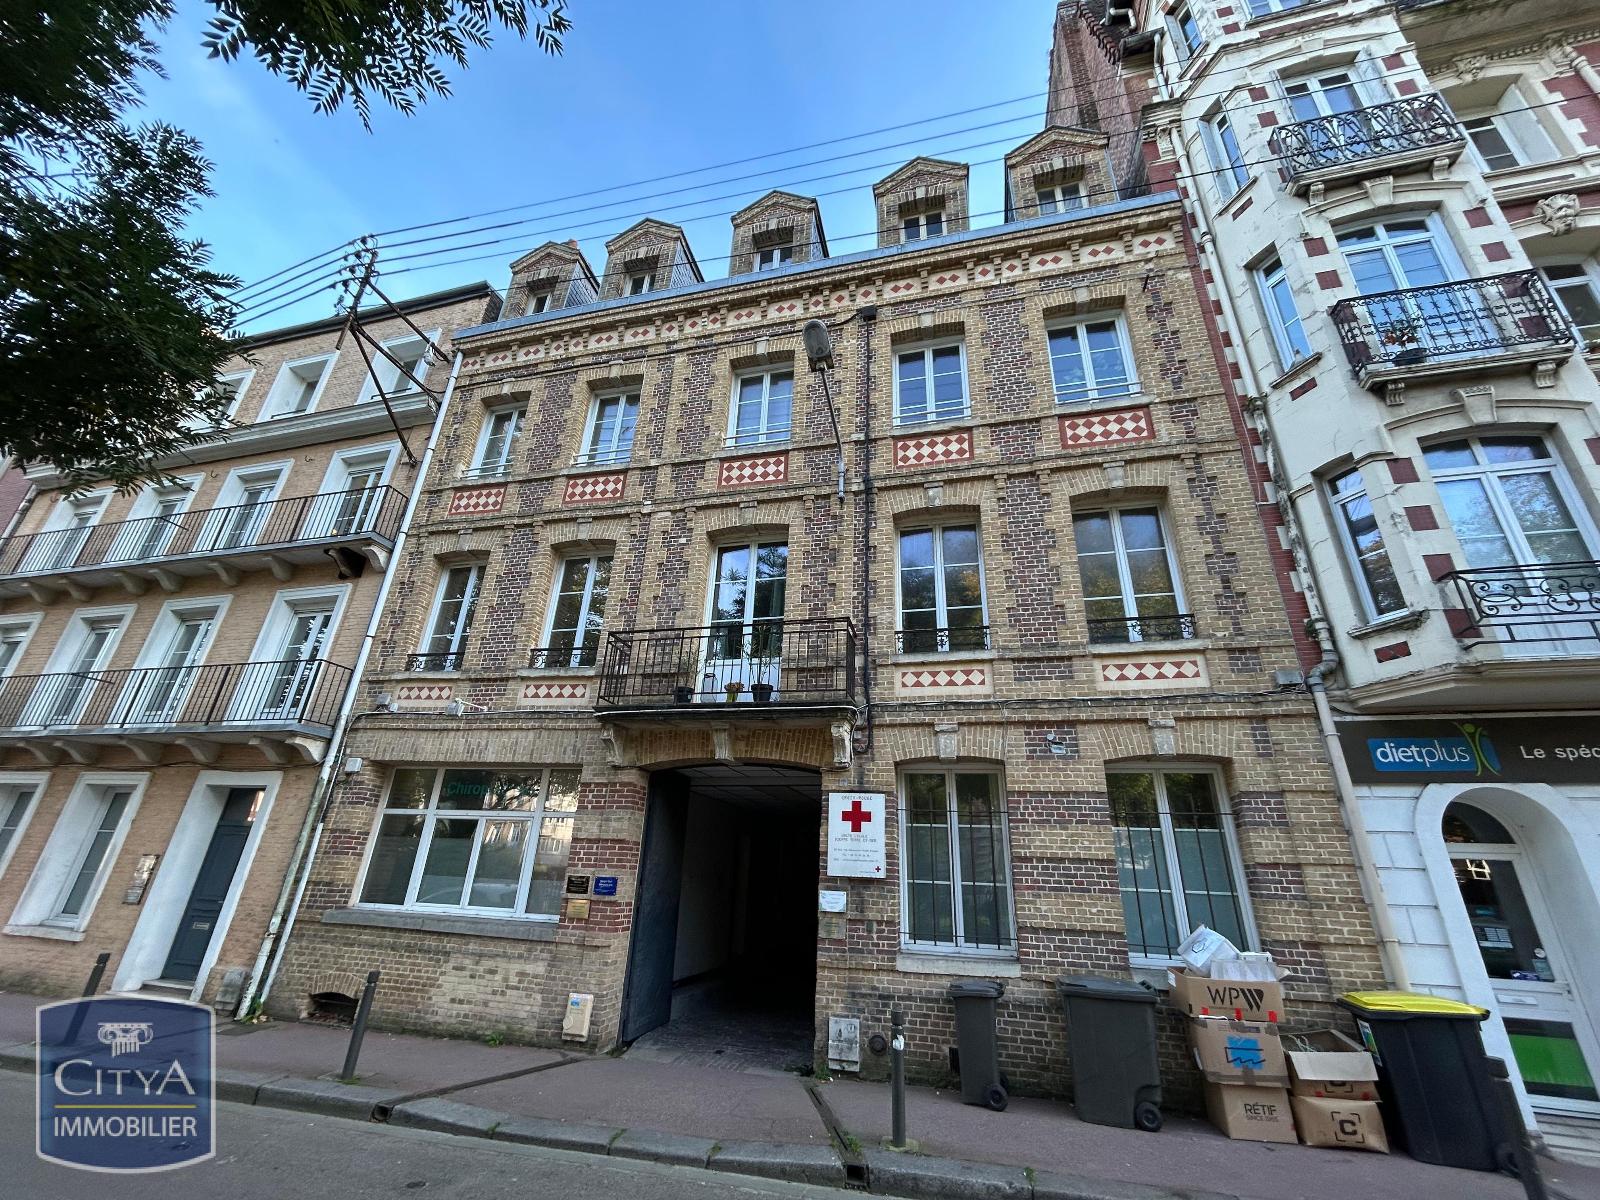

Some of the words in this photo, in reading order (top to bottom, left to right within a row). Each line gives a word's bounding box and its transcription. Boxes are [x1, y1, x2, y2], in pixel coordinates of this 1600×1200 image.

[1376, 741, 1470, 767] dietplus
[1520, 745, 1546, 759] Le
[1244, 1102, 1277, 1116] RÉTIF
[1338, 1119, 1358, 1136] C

### [What you need to do]
If an entry contains a picture, omit it; restate everything else word for word.

### [Answer area]
Some of the words in this photo, in reading order (top to bottom, left to right within a row). Each line gives a word's bounding box and its transcription. Boxes are [x1, y1, x2, y2], in pixel coordinates of this 1600×1200 image.

[1376, 741, 1470, 767] dietplus
[1520, 745, 1546, 759] Le
[1244, 1102, 1277, 1116] RÉTIF
[1338, 1119, 1358, 1136] C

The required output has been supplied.